CRONACA SARDEGNA - SULCIS IGLESIENTE

Il disagio

Acqua torbida a Domusnovas, monta la protesta

Un centinaio di domusnovesi si sono riuniti alla grotta di San Giovanni per ribadire il proprio malcontento
l assemblea di questa mattina alla grotta di san giovanni (foto s farris)
L'assemblea di questa mattina alla grotta di San Giovanni (foto S. Farris)

Autobotte presa d'assalto stamattina (per la prima volta il mezzo ha dovuto effettuare un rifornimento d'acqua nella mattinata) mentre un centinaio di domusnovesi adirati si riuniva alla grotta di San Giovanni per ribadire il proprio malcontento e inviare chiari messaggi a sindaco e giunta.

È il colore dell'acqua, scuro con non mai in questi giorni, a spaventare e indurre anche chi non lo aveva fatto nei mesi precedenti a servirsi dell'autobotte. Ma c'è anche rabbia per una situazione di non potabilità che si protrae fin da marzo e che sembra aver spazientito tutti.

C'è chi mostra le spazzole dei filtri appena sostituiti dal proprio impianto (foto S. Farris)
C'è chi mostra le spazzole dei filtri appena sostituiti dal proprio impianto (foto S. Farris)

Nell'assemblea improvvisata, convocata grazie ad un tam tam sui social network c'è chi, come Lello Esposito, 68 anni, parla apertamente di dimissioni: "Gli amministratori dovrebbero avere il pudore di dimettersi. Se invece restano devono dimostrare di guadagnarsi lo stipendio come non sembra stiano facendo finora". Sergio Congiu, 69 anni, ha portato con sè i filtri, appena sostituiti, del proprio impianto idrico: "Dovrebbero essere bianchi" sorride mentre mostra le spazzole diventate completamente marroni. Paola Piano, 58 anni, si affida all'ironia: "Con quest'acqua non sappiamo più se i piatti li stiamo lavando o sporcando ancora di più".
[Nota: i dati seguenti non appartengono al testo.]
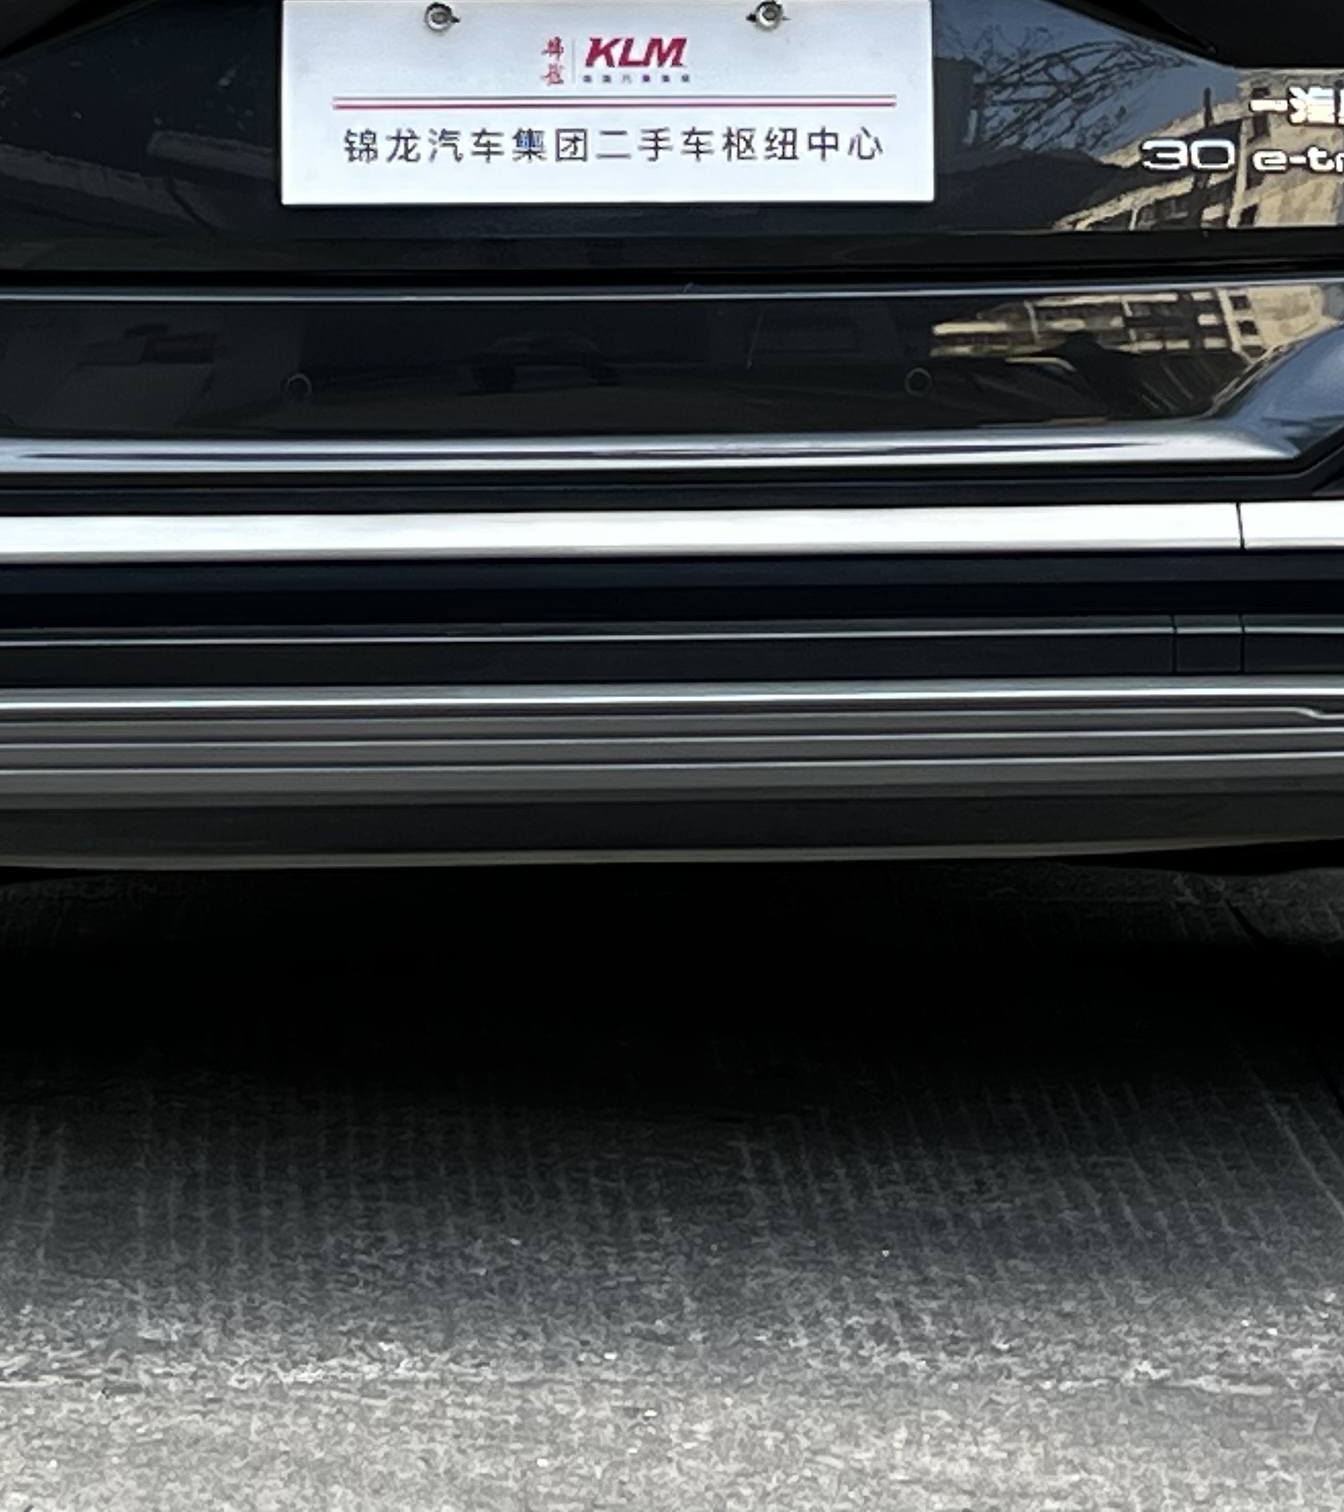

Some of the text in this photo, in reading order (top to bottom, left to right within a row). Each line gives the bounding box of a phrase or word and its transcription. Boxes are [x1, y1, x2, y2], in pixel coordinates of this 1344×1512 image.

[584, 36, 690, 68] KLM
[343, 127, 884, 164] 锦龙汽车集团二手车枢纽中心
[1141, 139, 1236, 171] 30
L'iniziativa estemporanea non ha padrini politici come ha sottolineato uno degli organizzatori, Carlo Esposito, 40 anni: "Questa è la protesta di semplici cittadini stanchi di patire questa situazione da 8 mesi, di non ricevere informazioni dal Comune e di dover spendere quattrini per acquistare acqua mentre paghiamo per un servizio che non c'è". Presente quasi al completo la minoranza: "Tra giunta e Domusacqua (la controllata di gestione) siamo in mano a dilettanti allo sbaraglio. Anche riattivare il potabilizzatore servirà a poco: ha la tecnologia di 30 anni fa e tenerlo in funzione peserà nella bolletta" ha sintetizzato il consigliere Attilio Stera.

Il colore dell'acqua questa mattina in un'utenza domusnovese (foto S. Farris)
Il colore dell'acqua questa mattina in un'utenza domusnovese (foto S. Farris)

"Capisco il disagio di tutti - è la replica del sindaco Massimiliano Ventura - ma affrontiamo una situazione senza precedenti e contro la natura non si può far granchè. La riattivazione del potabilizzatore è quasi ultimata e ribadisco che entro fine anno ogni problema sarò risolto.

Il primo cittadino invita anche chi vuole ad andare a visionare lo stato di avanzamento dei lavori: "Basta fare domanda e si potrà notare il grosso lavoro già svolto o chiedere tutte le informazioni che si vogliono".